■ YOUR GOAL
Leaving the pictures aside, restate all of the data exactly.
** DATA RECORDS follows **
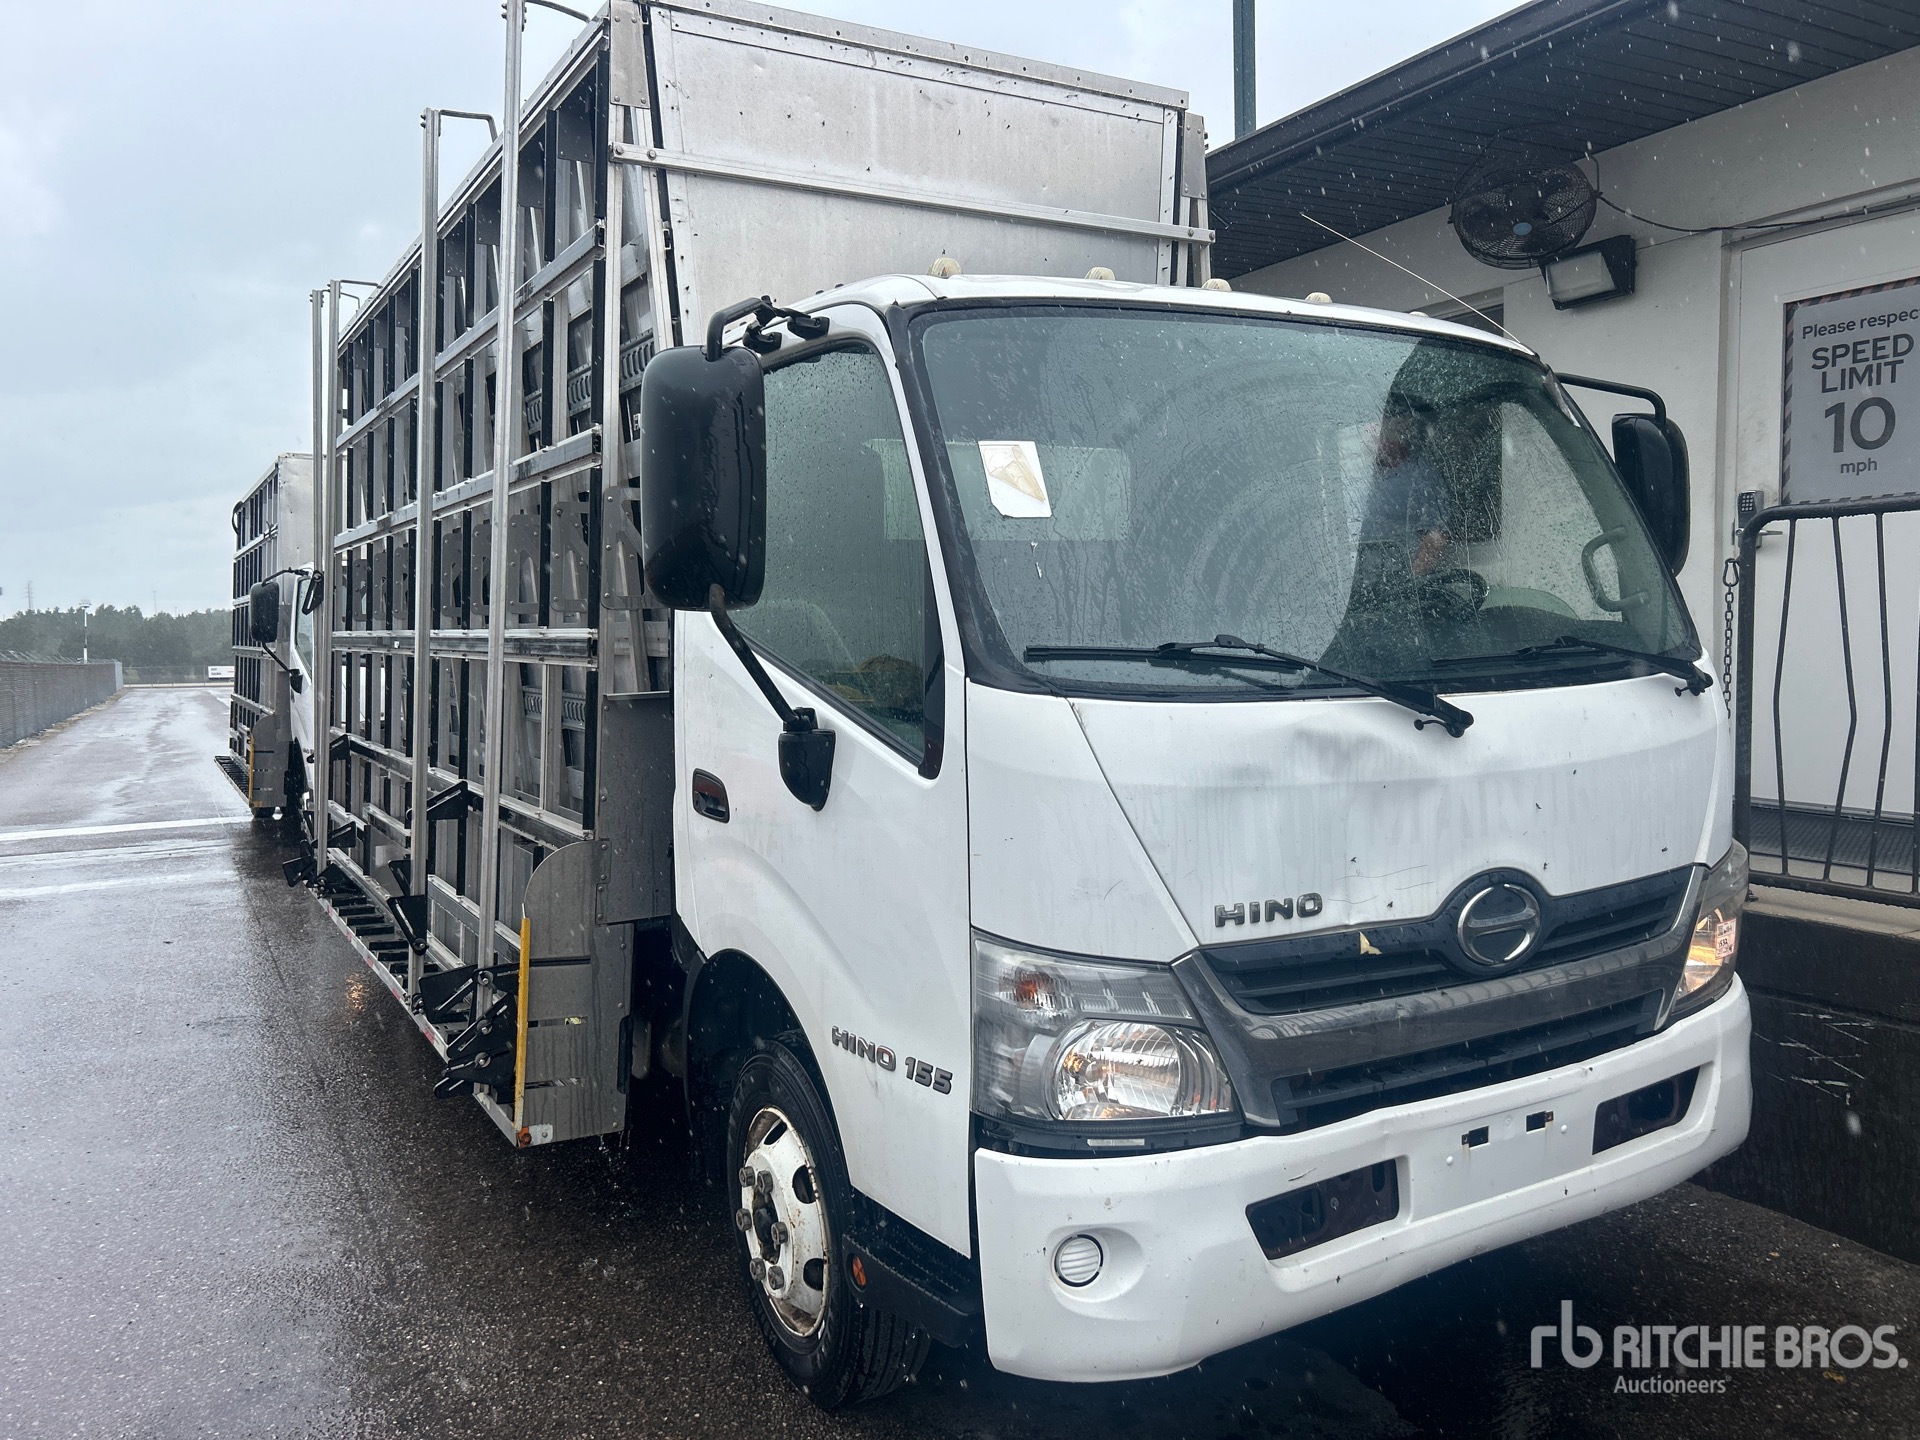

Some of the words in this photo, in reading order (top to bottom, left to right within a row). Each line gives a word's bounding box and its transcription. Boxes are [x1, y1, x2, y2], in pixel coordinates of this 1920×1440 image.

[1803, 320, 1856, 340] Please
[1860, 308, 1920, 328] respec
[1811, 333, 1914, 370] SPEED
[1821, 359, 1904, 393] LIMIT
[1825, 397, 1895, 453] 10
[1840, 458, 1878, 475] mph
[1214, 892, 1323, 928] HINO
[831, 1025, 896, 1071] HINO
[905, 1056, 954, 1095] 155
** End of DATA RECORDS **
■ RESPONSE FOR THIS EXERCISE
Some of the words in this photo, in reading order (top to bottom, left to right within a row). Each line gives a word's bounding box and its transcription. Boxes are [x1, y1, x2, y2], in pixel coordinates of this 1920×1440 image.

[1803, 320, 1856, 340] Please
[1860, 308, 1920, 328] respec
[1811, 333, 1914, 370] SPEED
[1821, 359, 1904, 393] LIMIT
[1825, 397, 1895, 453] 10
[1840, 458, 1878, 475] mph
[1214, 892, 1323, 928] HINO
[831, 1025, 896, 1071] HINO
[905, 1056, 954, 1095] 155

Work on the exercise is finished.